News By/Courtesy: Daksh Dave | 27 Jun 2020 0:26am IST

HIGHLIGHTS

  • Blinded
  • Series
  • Corruption

The tale of conspirators and scams involving the once-respected Swedish bank “Blinded” (Thursday, July 2, Sundance Now) is so rife with plotters, frauds, fellow travelers, and innocents that it is always difficult to say the victims’ swindlers. That this doesn’t at least at the end of the day is a testament to the strength of this fact-based drama (chief writer Jesper Harries).

One of the most endearing aspects of this subtitled series is the frequent interruption of “Let’s Face the Music and Dance” by Irving Berlin in all eight episodes, haunted by Swedish singer Grant. The emphasis here is on the first line of the song—“There may be trouble ahead. Indeed, at every stage, there are problems with the family-owned ST Bank, all of which are the product of criminal activities, including the falsification of its financial reports. Some of the revelations about the activities of the bank had come about thanks to one woman — the ambitious and frustrated young newspaper writer Bea Farkas (Julia Ragnarsson), who typically pursues any hint of irregularity, however small, in the belief that any suspicion is promising. Her unyielding confidence and trust in her ability to smell lies have put her in a position of some significance to her article. She had been fired from that job by the editor-in-chief who saw her as an uncontrollable force. Crowded though the series is — moved, actually — full of distinctive, admirably drawn characters. Rooth, perhaps the most intriguing figure, is more than just a wily top executive, however slender, assured, and impeccably tailored he may look; one wide shot reveals the array-like immensity of his Master of the Universe closet with its rows of suits and shirts. But he also proves to be a man of principle, surprisingly stern about the kind of values that his young son is taking up. He’s not happy when he hears, one day, the boy’s casual story of how he and his friend teased a beggar sitting in front of a supermarket.i

A friend, Rooth 's son explained, had money with him — a big bill — that he told the beggar he could have had a song and a dance for them. So you thought, Rooth asked his son, that it was funny to see someone who wasn't born into privilege, as you were, humiliate himself? The boy claims that it was his friend, Victor, who had the money, Victor, who said it to the man. And his father tells him that he doesn't have to say that he was a friend of his. "You're never going to say 'Victor' again." Then Rooth tells the boy that they're going to find that beggar and his son is going to apologize to him. 

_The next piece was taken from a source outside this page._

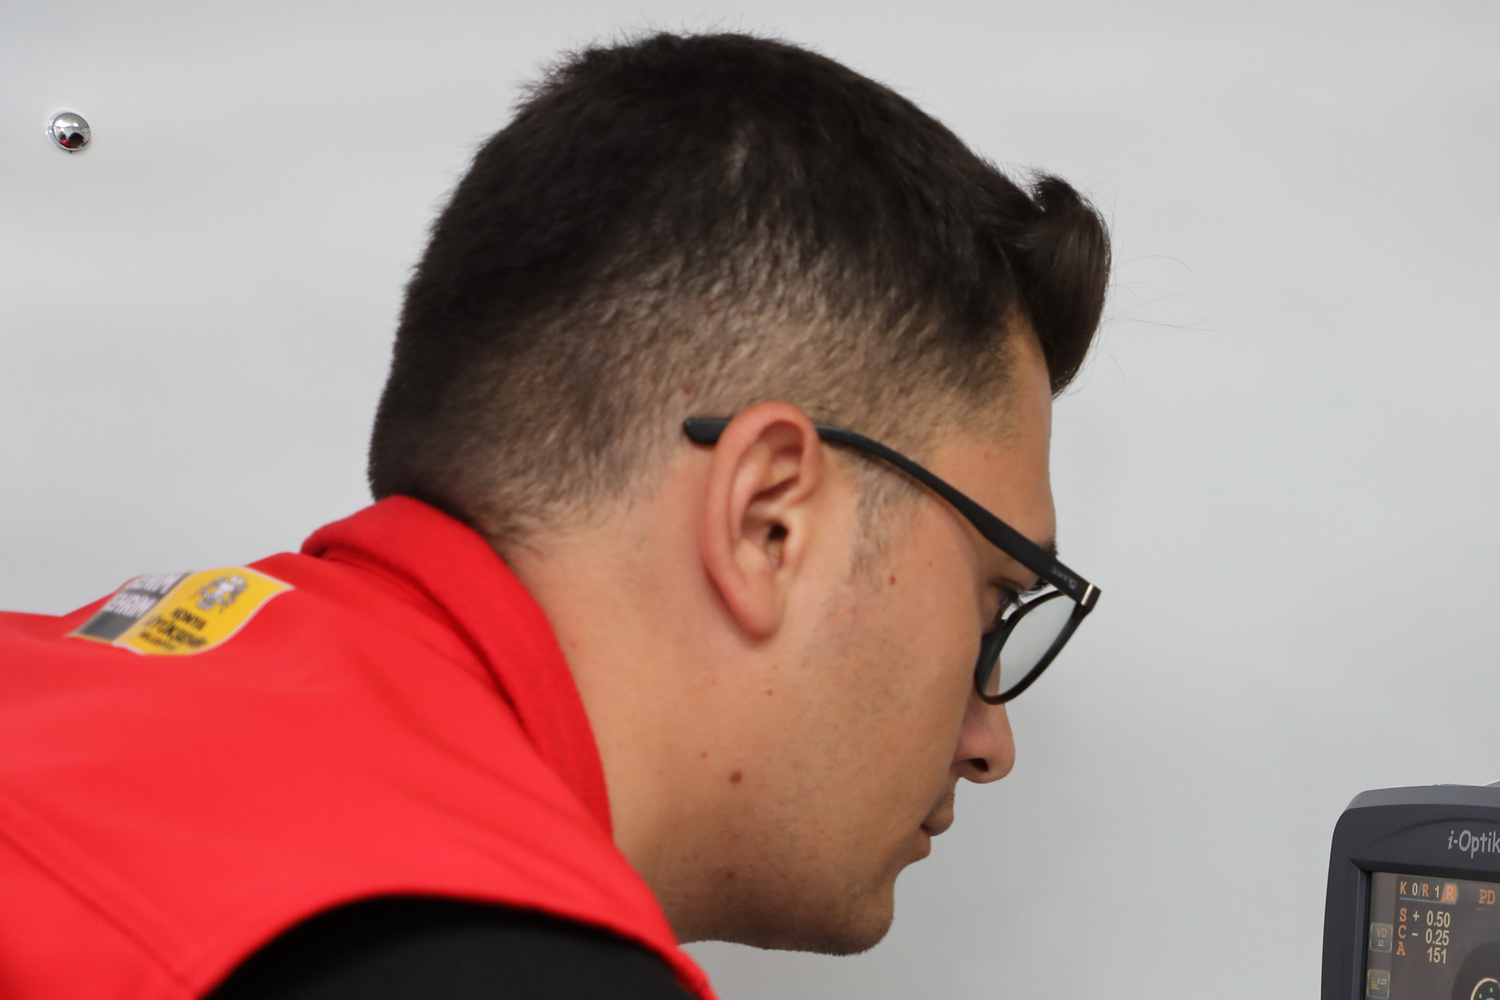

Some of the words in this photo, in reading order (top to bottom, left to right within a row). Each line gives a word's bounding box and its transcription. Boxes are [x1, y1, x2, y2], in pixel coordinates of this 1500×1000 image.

"Blinded" is, above all, supposed to be a tale of greed and deceit, one in which many innocents among the bank's workers were caught up in shoddy investments and now stood to lose all.

THIS ARTICLE DOES NOT INTEND TO HURT THE SENTIMENTS OF ANY INDIVIDUAL, COMMUNITY, SECT, OR RELIGION ETCETERA. THIS ARTICLE IS BASED PURELY ON THE AUTHOR'S PERSONAL VIEWS AND OPINIONS IN THE EXERCISE OF THE FUNDAMENTAL RIGHT GUARANTEED UNDER ARTICLE 19(1)(A) AND OTHER RELATED LAWS BEING FORCE IN INDIA, FOR THE TIME BEING.